(What you have to do) In your copy, leave out all pictures and reproduce every entry exactly.

(Extracted information)
%%
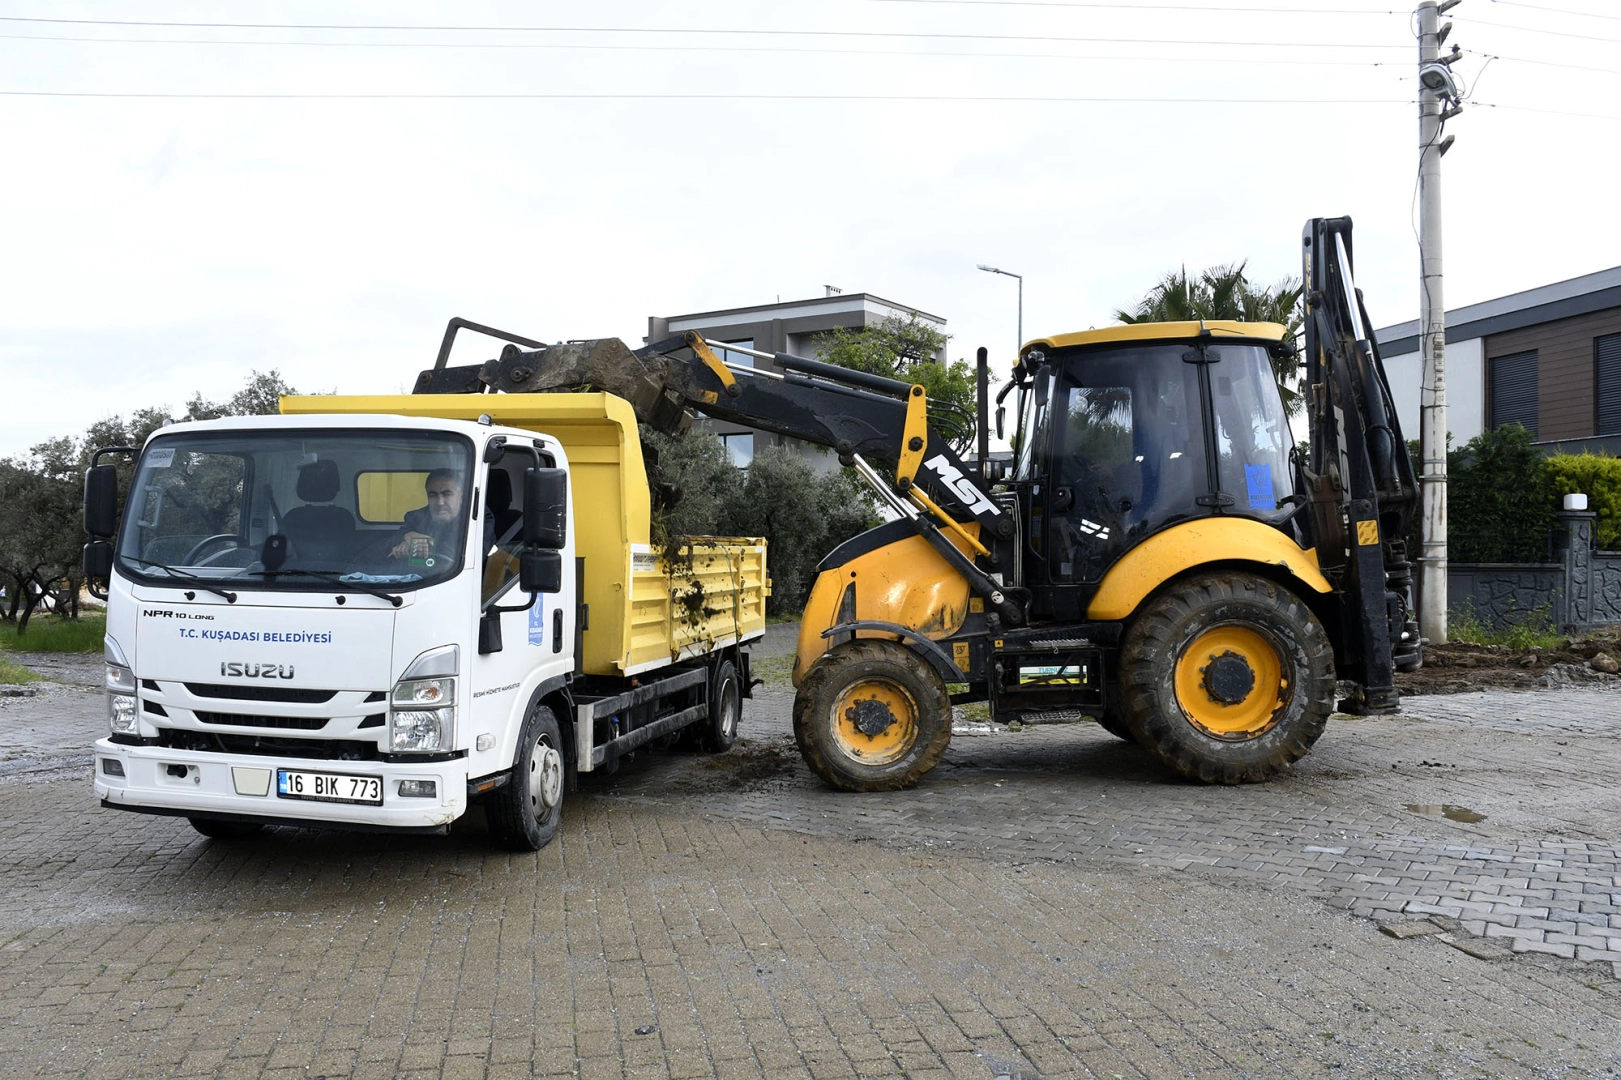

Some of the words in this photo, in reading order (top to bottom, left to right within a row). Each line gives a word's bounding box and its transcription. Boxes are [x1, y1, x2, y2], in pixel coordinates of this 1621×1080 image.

[923, 453, 1002, 517] MST
[143, 609, 173, 618] NPR
[179, 628, 199, 639] T.C.
[201, 630, 260, 643] KUŞADASI
[263, 630, 332, 644] BELEDİYESİ
[220, 661, 295, 680] ISUZU
[288, 774, 304, 793] 16
[315, 776, 339, 796] BIK
[349, 778, 379, 799] 773
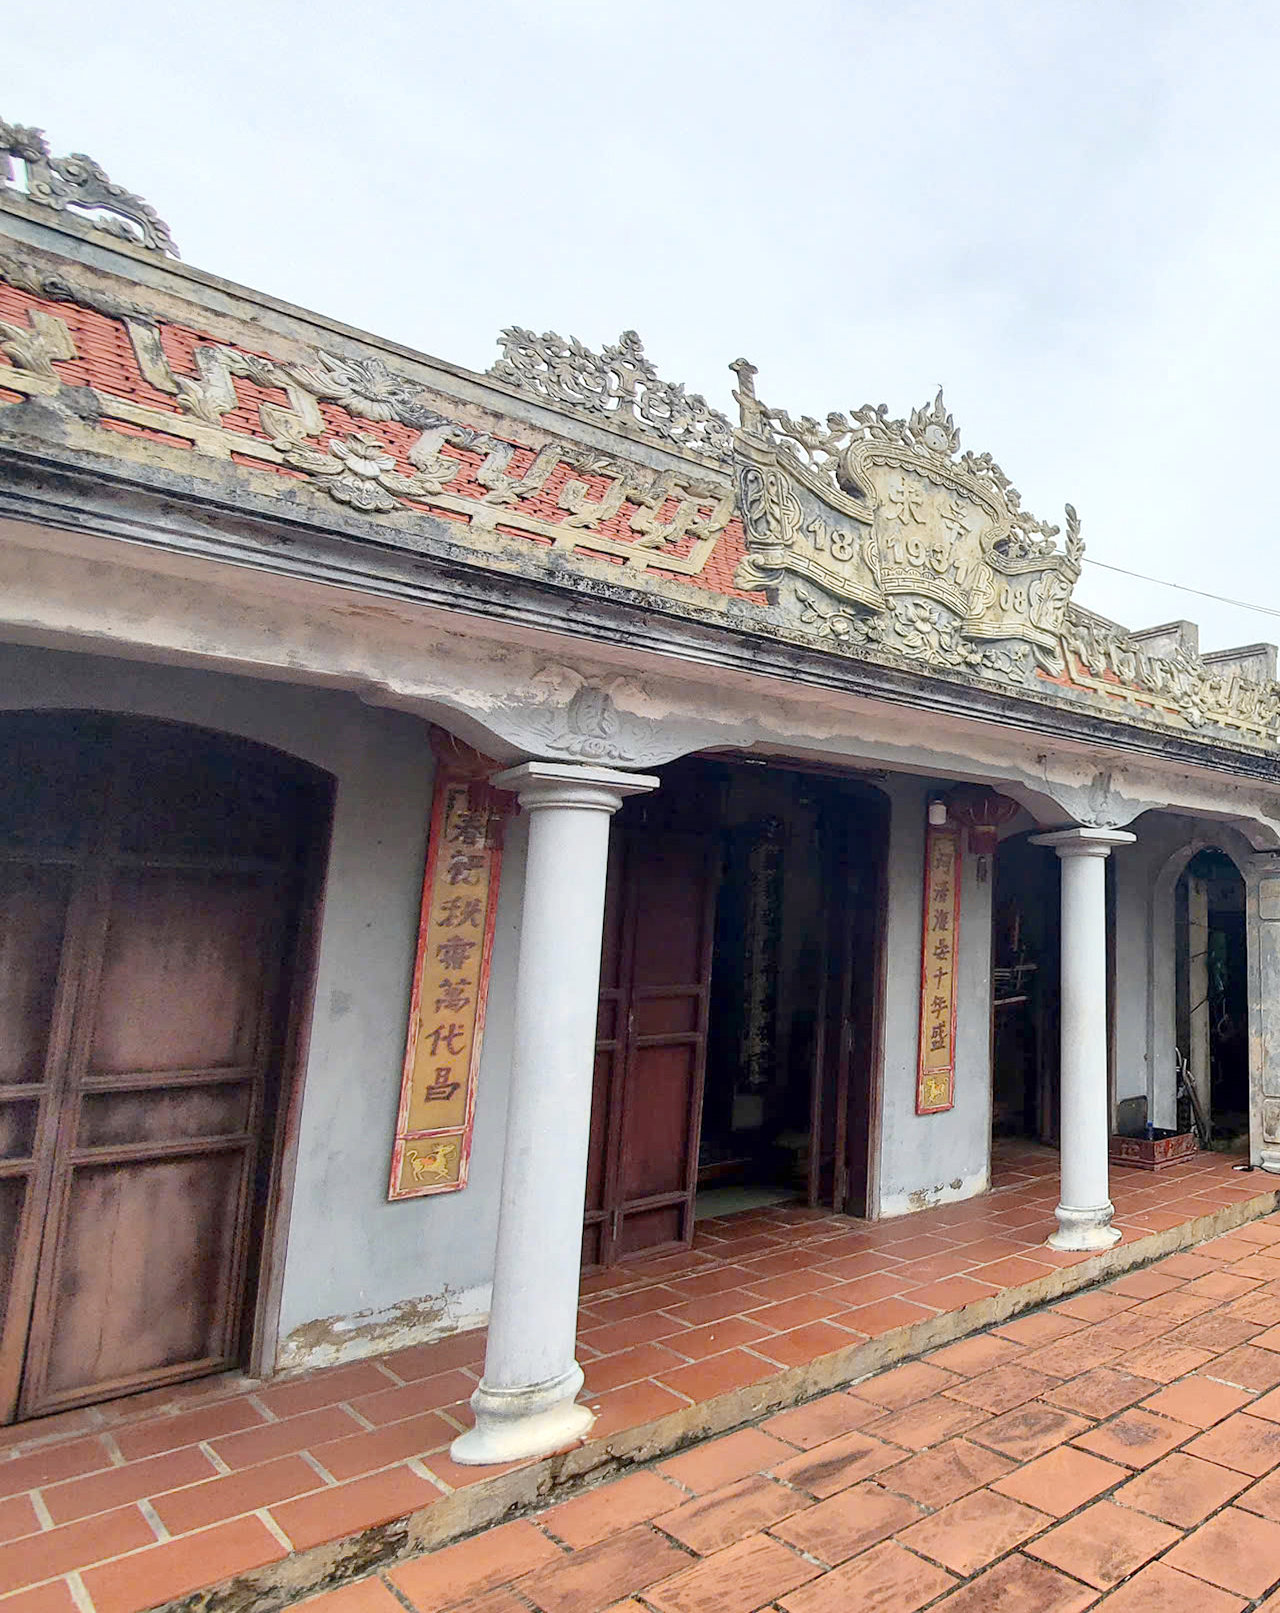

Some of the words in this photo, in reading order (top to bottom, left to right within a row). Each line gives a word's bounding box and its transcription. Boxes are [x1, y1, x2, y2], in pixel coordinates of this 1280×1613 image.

[807, 517, 855, 562] 18
[886, 534, 969, 585] 1931
[999, 585, 1026, 614] 08
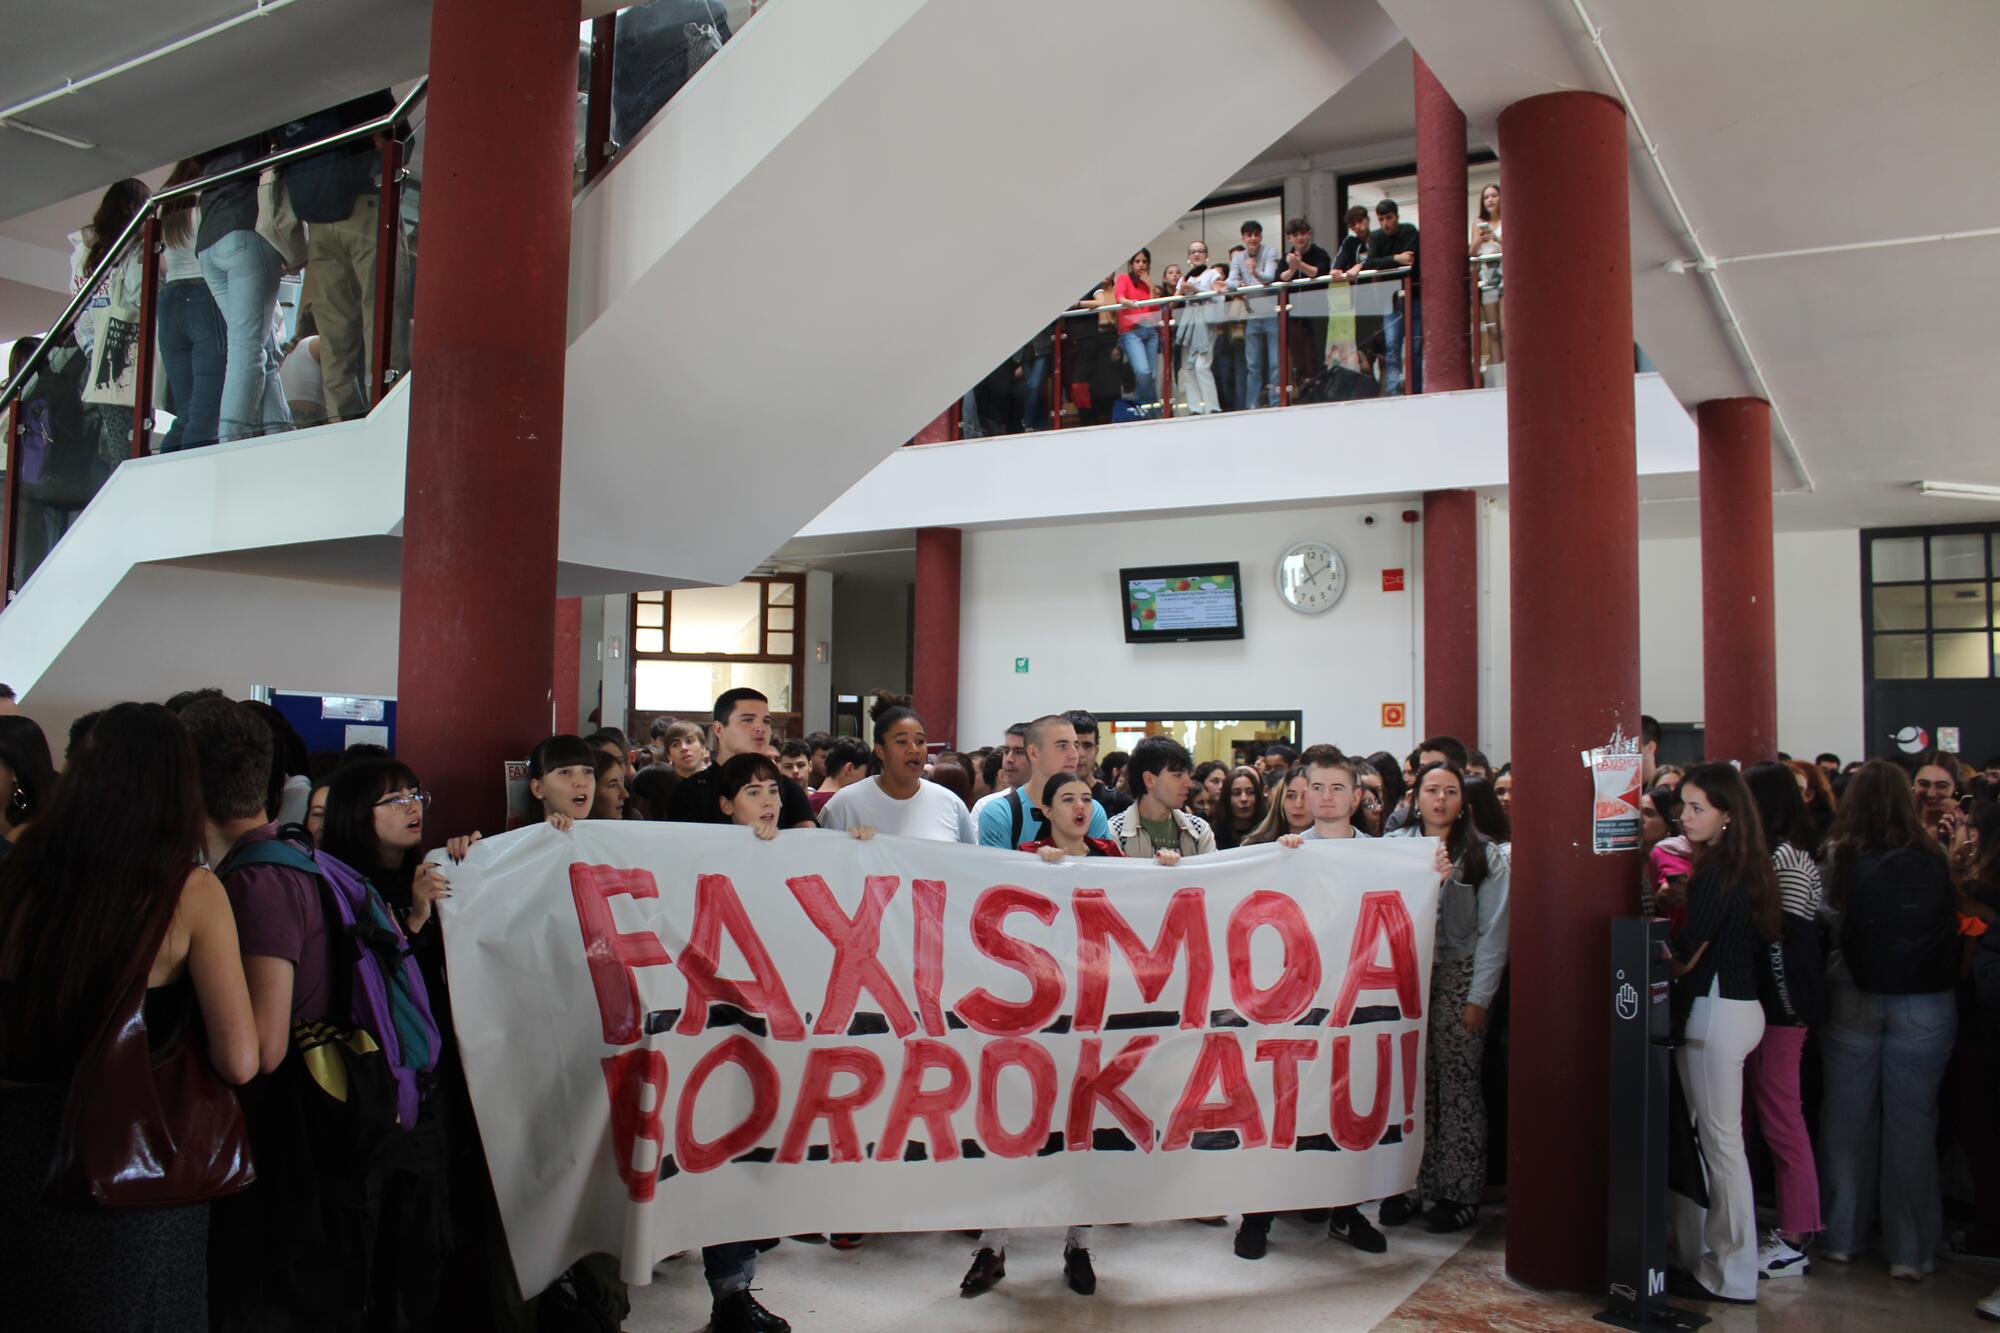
%%
(Output of the exercise)
Some of the words in this photo, in reading order (top to bottom, left to right within a row). Each line gives a word's bounding box and its transcription. Boxes are [x1, y1, x2, y2], in pixel coordinates of this 1621×1080 image.

[923, 453, 1002, 517] MST
[143, 609, 173, 618] NPR
[179, 628, 199, 639] T.C.
[201, 630, 260, 643] KUŞADASI
[263, 630, 332, 644] BELEDİYESİ
[220, 661, 295, 680] ISUZU
[288, 774, 304, 793] 16
[315, 776, 339, 796] BIK
[349, 778, 379, 799] 773

Some of the words in this photo, in reading order (top to bottom, left to right within a row). Each line gives a word's bounding box and its transcription. Boxes are [x1, y1, x2, y2], in pixel coordinates of this 1280×1613 image.

[807, 517, 855, 562] 18
[886, 534, 969, 585] 1931
[999, 585, 1026, 614] 08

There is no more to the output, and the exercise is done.